Simone Pennant is driven by a powerful purpose — to help the lot of others from diverse backgrounds wanting to get into the media. She’s the Founder/Director at The TV Collective, which promotes diversity in this creative industry. The Collective celebrates its ten years soon, and has presently amassed 19,000 Twitter followers.
She’s amongst friends. If you’ve navigated your way through a career in the media, or are just starting out, and are not a face-value blue print for inclusion, there’s a high probability you’ve encountered added barriers to the traditional ones a media career throws up — given its competitive nature.
You might have tried one initiative after another to break that ceiling.

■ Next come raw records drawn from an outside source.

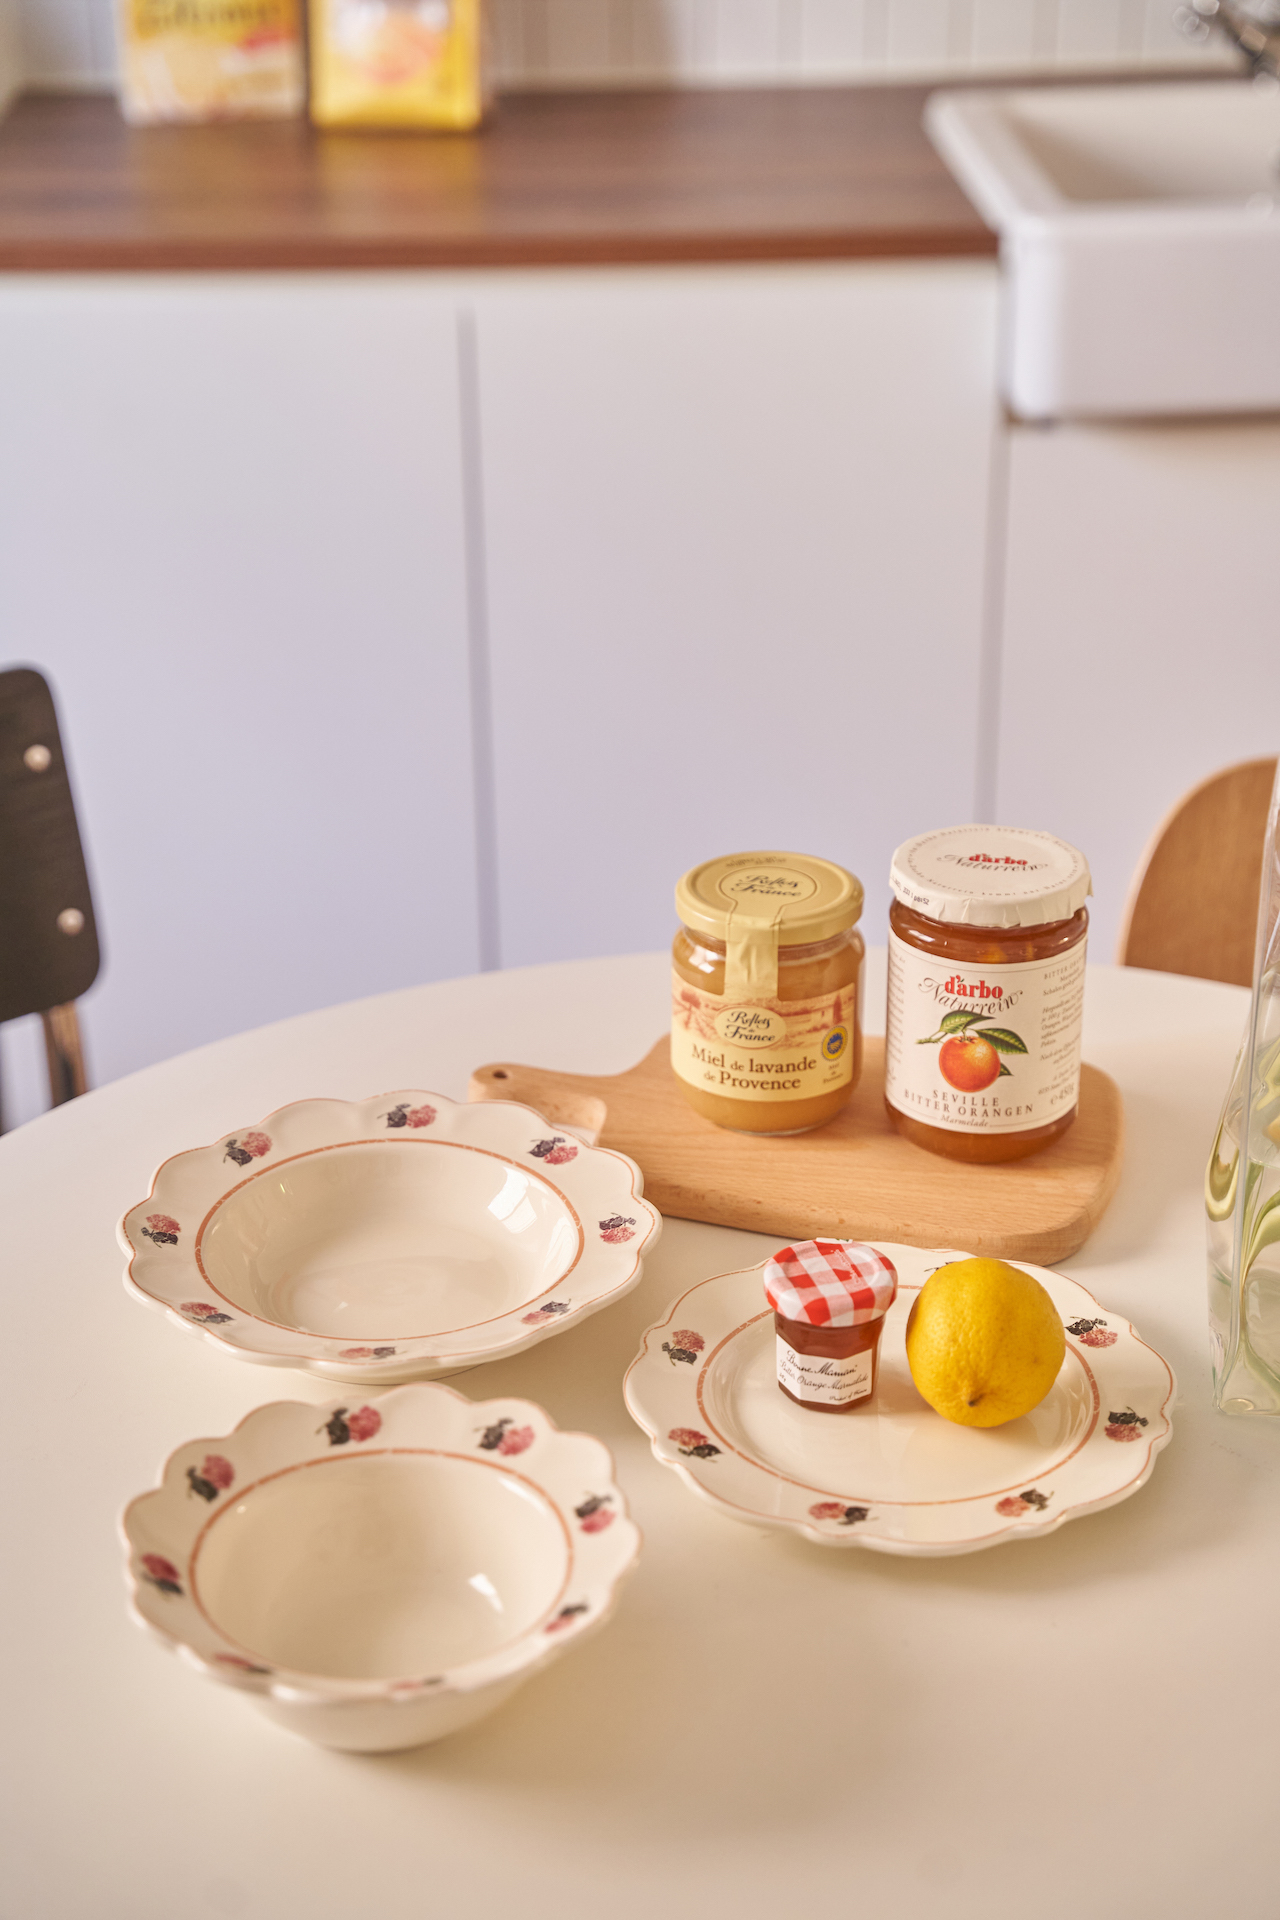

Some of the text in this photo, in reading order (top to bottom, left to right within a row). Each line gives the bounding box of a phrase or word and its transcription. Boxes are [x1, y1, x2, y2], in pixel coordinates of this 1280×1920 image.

[918, 977, 1024, 1015] Naturrein
[727, 1010, 774, 1029] Reflets
[724, 1024, 776, 1042] France
[692, 1044, 817, 1074] Miel de lavande
[703, 1070, 802, 1091] de Provence
[904, 1088, 1034, 1118] BITTER ORANGEN
[933, 1089, 1000, 1107] SEVILLE
[940, 1114, 989, 1128] Marmelade
[797, 1375, 826, 1391] Orange
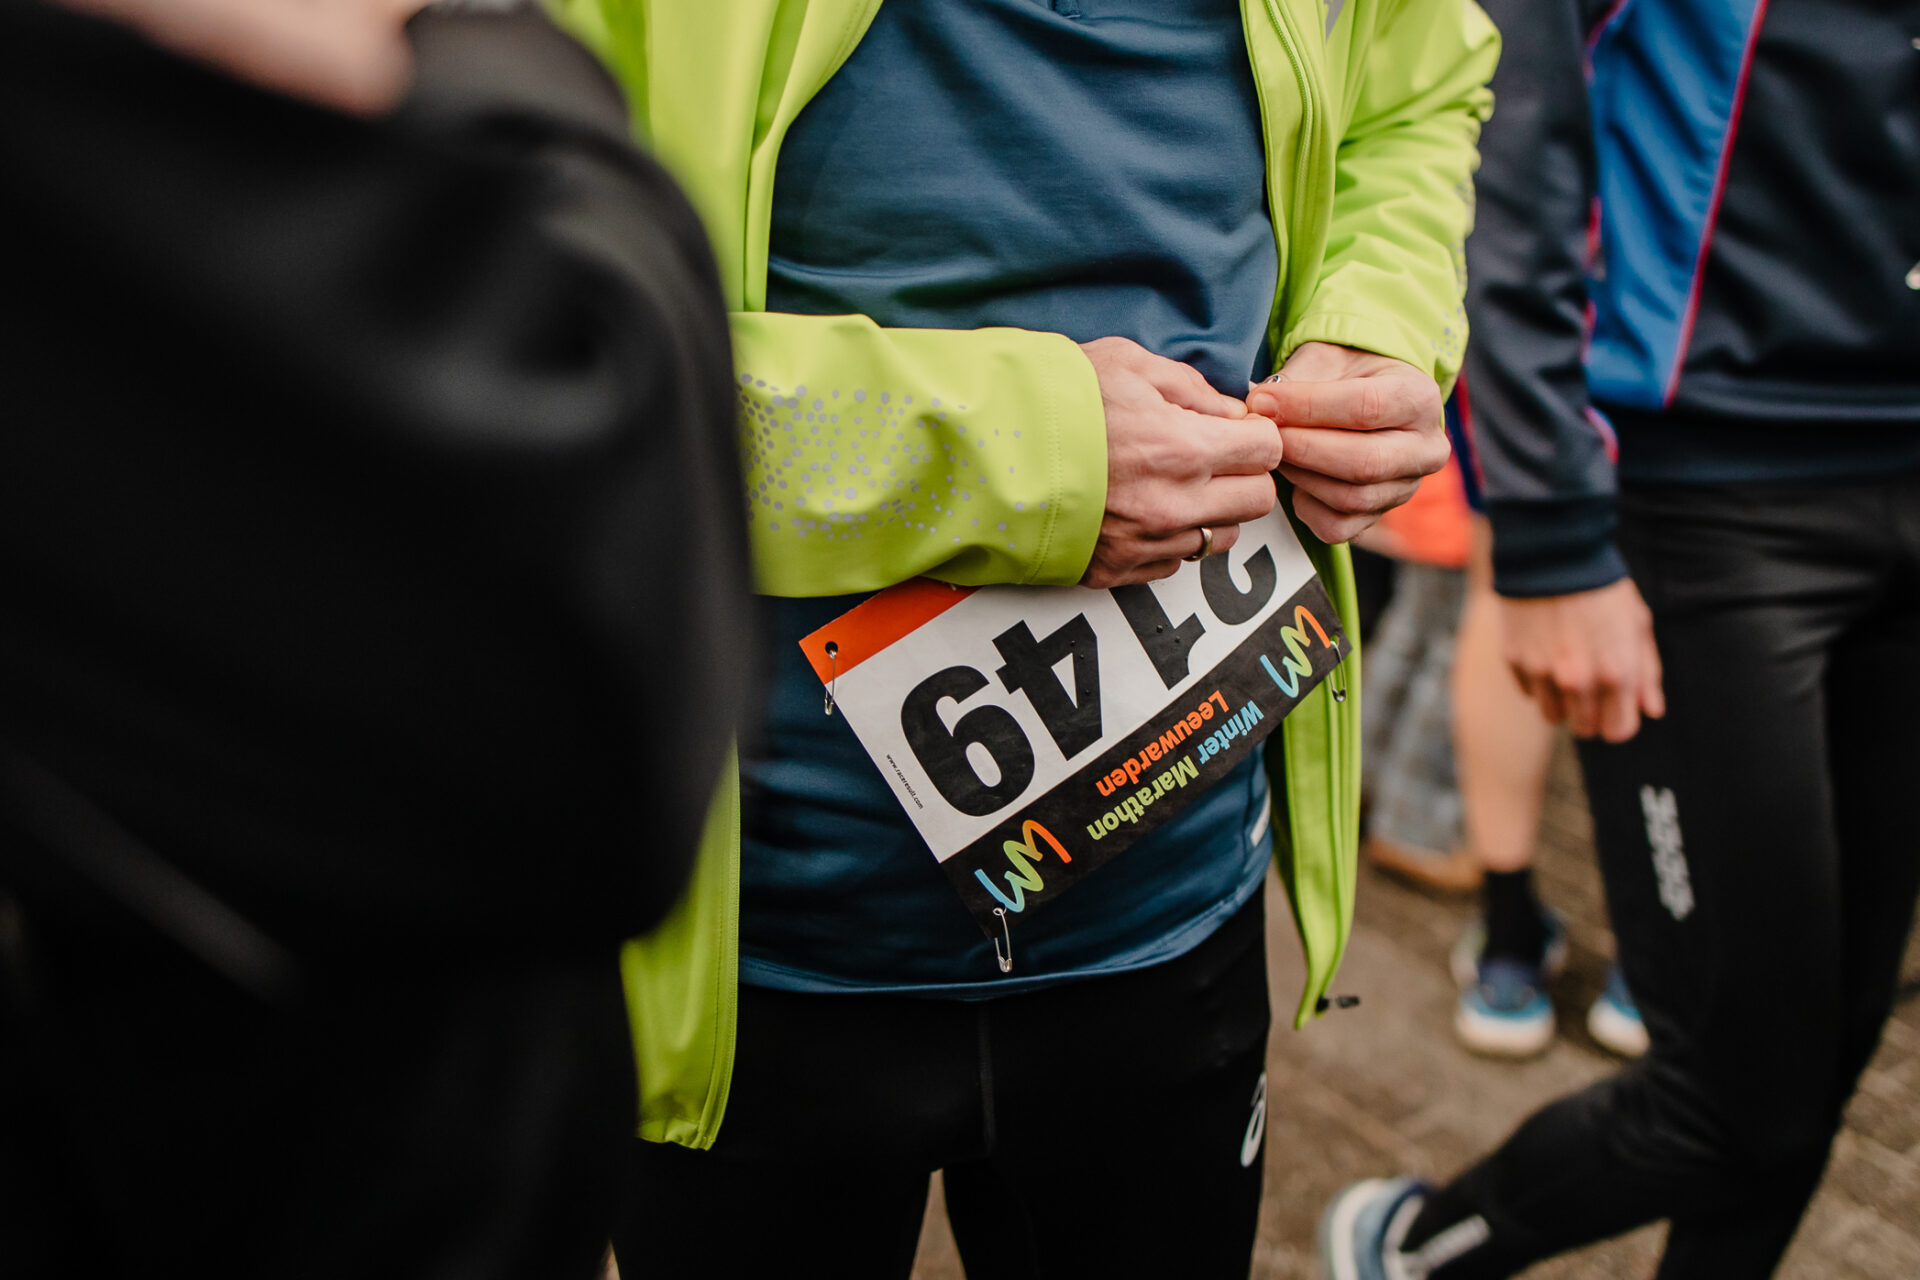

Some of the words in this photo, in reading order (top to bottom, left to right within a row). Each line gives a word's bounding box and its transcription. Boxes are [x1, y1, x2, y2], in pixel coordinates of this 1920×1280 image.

I know my colleagues and I tried in the 1990s with an outfit supported by Channel 4’s Jon Snow and the Freedom Forum where we staged conferences for industry figures and provided bursaries.
Simone, reaching ten years of continuous campaigning has demonstrated form, with the inevitable hurdles to surmount that brings.
We met through proxy, a mutual friend, Simon Albury (top picture), who in conversation would mention her name. Twitter became the broker, and after a couple of missed dates we were meeting in the forum of the University of Westminster.
We chewed the fat over that usual first introduction, attempting to find the purpose, if not outcome, of what might be. Several ideas flew, training and mentoring, narrative discourses telling stories in immersive ways e.g. mobile, and a concept of artistic realism. The latter re-imagined from the framing of Simon Frederick’s brilliant artistic doc Black is the New Black.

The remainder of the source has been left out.